**RECORDS FOR THIS TASK**:

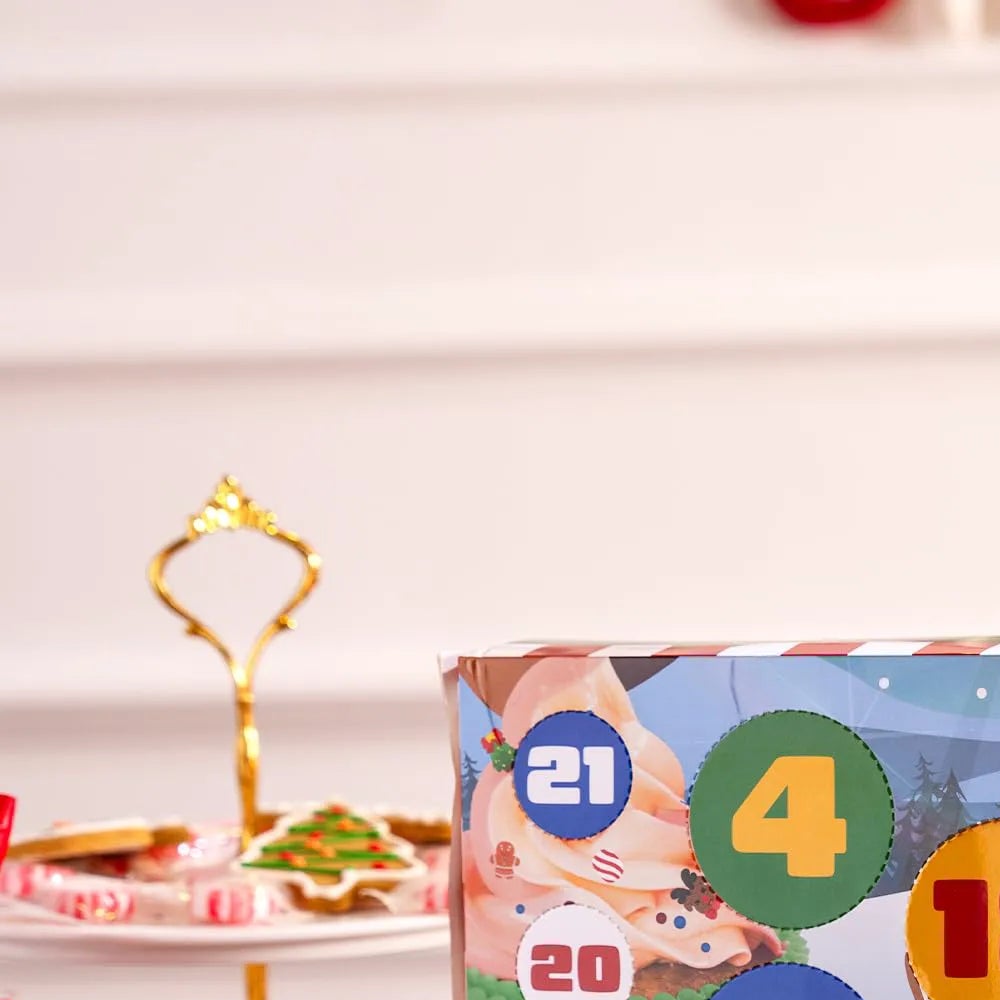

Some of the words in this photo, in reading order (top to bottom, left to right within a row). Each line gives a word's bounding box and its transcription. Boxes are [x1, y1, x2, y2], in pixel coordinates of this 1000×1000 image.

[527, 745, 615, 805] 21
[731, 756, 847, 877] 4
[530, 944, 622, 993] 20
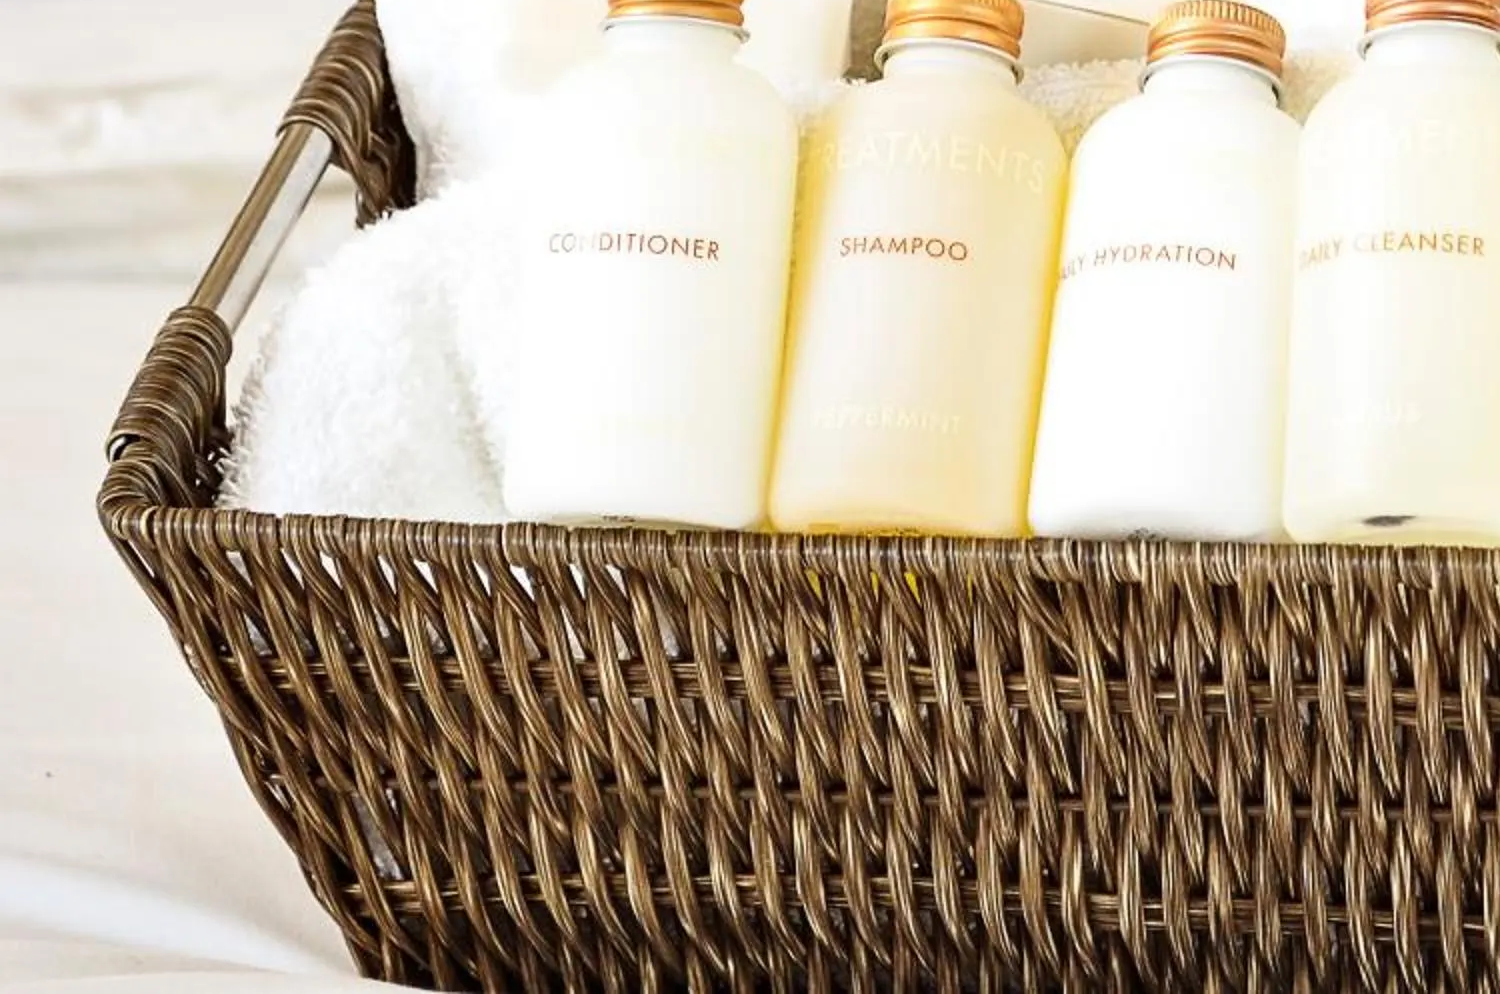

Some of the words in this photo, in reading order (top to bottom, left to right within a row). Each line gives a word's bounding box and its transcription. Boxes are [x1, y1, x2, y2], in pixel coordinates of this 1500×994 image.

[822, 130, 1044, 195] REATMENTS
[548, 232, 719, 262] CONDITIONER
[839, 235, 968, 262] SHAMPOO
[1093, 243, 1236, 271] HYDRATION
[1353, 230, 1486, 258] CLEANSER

**EXERCISE INSTRUCTIONS**:
Return every entry exactly, dropping the pictures.

**WRITTEN ANSWER**:
Some of the words in this photo, in reading order (top to bottom, left to right within a row). Each line gives a word's bounding box and its transcription. Boxes are [x1, y1, x2, y2], in pixel coordinates of this 1000×1000 image.

[527, 745, 615, 805] 21
[731, 756, 847, 877] 4
[530, 944, 622, 993] 20

Some of the words in this photo, in reading order (top to bottom, left to right within a row). Each line gives a word's bounding box and its transcription. Boxes are [x1, y1, x2, y2], in pixel coordinates of this 1500×994 image.

[822, 130, 1044, 195] REATMENTS
[548, 232, 719, 262] CONDITIONER
[839, 235, 968, 262] SHAMPOO
[1093, 243, 1236, 271] HYDRATION
[1353, 230, 1486, 258] CLEANSER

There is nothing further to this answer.